Emeutes sociales : Le cri de colère d’un peuple accablé
Par Hassane Zerrouky Finalement, ces émeutes qui secouent le pays sont bien le signe d’un grave malaise social que le pouvoir ne veut pas admettre. Faute d’intermédiation sociale, du fait du verrouillage du champ politique et de l’interdiction des manifestations publiques, les émeutes sont devenues l’un des seuls recours des citoyens pour contraindre le pouvoir à ouvrir les yeux sur la gravité de la situation sociale. En effet, quand le seul interlocuteur reconnu par le pouvoir n’est autre qu’une UGTA dont la seule fonction est d’essayer, sans d’ailleurs y parvenir tellement elle est décrédibilisée, de jouer les pompiers pour éteindre le feu ; quand les syndicats autonomes sont exclus du dialogue social ; quand la société civile est bâillonnée, il ne reste aux citoyens que la rue pour se faire entendre. Qui plus est, ces émeutes montrent surtout la faillite des partis au pouvoir et des institutions qu’ils contrôlent à la suite d’élections marquées par une abstention historique (plus de 70%). Car si ces institutions étaient élues démocratiquement, sur la base de vrais programmes dont ces partis seraient comptables en fin de mandat, les citoyens réagiraient comme le font les citoyens des pays développés, à savoir les sanctionner par les urnes. Comme les Algériens ne sont pas dupes, qu’ils savent que les jeux sont pipés par avance, qu’ils n’ont pas affaire à de vrais élus en mesure de répondre à leurs attentes sociales mais à des institutions où le clientélisme et la corruption sont la règle, alors ils le font savoir à leur manière, à savoir brutalement.

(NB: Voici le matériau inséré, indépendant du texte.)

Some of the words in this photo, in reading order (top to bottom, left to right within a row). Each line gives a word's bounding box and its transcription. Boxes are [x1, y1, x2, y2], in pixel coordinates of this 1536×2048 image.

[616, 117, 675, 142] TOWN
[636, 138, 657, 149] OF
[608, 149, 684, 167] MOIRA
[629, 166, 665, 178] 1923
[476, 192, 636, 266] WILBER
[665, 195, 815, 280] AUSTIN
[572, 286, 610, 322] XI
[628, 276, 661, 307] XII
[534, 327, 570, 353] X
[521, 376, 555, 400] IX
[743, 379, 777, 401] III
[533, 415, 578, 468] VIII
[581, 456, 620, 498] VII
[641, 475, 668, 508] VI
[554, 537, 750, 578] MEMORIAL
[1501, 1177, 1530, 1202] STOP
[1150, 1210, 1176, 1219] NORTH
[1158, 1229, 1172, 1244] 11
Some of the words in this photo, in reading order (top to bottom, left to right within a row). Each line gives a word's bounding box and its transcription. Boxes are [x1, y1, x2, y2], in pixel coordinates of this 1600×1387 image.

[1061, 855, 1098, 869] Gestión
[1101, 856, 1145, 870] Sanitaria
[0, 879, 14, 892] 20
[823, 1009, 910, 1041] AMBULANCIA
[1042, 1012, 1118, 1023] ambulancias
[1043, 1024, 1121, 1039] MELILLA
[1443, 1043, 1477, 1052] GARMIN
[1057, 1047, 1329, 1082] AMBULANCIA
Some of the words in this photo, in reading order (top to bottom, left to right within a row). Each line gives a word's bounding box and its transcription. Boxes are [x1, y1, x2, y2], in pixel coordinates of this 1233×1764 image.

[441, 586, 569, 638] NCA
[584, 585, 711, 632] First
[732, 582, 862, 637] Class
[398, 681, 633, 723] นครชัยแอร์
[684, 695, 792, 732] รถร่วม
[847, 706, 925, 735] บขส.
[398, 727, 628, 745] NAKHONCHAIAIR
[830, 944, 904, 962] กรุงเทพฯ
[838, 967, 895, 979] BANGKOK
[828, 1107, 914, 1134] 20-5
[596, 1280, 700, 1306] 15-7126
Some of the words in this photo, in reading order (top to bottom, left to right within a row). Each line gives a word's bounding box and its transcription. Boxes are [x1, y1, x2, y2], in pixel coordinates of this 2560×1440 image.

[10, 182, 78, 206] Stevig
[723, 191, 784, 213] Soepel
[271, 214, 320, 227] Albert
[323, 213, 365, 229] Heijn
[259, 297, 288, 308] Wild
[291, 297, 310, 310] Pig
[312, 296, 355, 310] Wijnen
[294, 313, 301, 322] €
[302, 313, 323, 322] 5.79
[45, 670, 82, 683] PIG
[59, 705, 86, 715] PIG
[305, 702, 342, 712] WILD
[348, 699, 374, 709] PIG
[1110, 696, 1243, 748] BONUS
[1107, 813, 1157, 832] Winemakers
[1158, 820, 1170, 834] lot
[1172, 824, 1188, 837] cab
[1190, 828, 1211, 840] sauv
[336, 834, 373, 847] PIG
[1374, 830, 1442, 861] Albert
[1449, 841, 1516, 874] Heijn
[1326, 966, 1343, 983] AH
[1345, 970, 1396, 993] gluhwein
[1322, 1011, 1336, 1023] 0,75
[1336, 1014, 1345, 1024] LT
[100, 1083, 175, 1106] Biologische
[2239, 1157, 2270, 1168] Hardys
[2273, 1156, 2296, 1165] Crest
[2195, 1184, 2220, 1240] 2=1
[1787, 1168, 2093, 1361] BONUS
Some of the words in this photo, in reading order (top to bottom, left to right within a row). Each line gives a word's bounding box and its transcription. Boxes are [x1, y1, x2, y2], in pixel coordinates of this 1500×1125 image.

Toujours est-il, en dépit de la surdité des gouvernants, que ces émeutes à répétition touchent pratiquement tout le territoire national : pas une semaine ne passe sans que l’on apprenne que telle ou telle localité a été le théâtre d’une colère populaire. Pour l’heure, le musellement des partis démocrates, de la société civile et des canaux d’expression démocratique, arrange le pouvoir. Pour ce dernier, une émeute inorganisée parce que spontanée, est sans doute plus facile à gérer : quelques coups de matraque et de jets de gaz lacrymogènes, sur fonds de condamnation à des peines de prison de un à six mois de prison des « fauteurs de troubles », paraissent lui suffire comme réponse. L’essentiel, pour lui, est que le mécontentement social ne prenne pas une forme organisée pouvant déboucher sur une action politique de grande ampleur. Il n’en reste pas moins, comme l’ont montré les émeutes d’octobre 1988, qu’il n’est pas exclu que la colère de la rue, localisée pour l’heure à telle ou telle localité ou région du pays, finissent par gagner le pays, se transformant en torrent balayant tout sur son passage.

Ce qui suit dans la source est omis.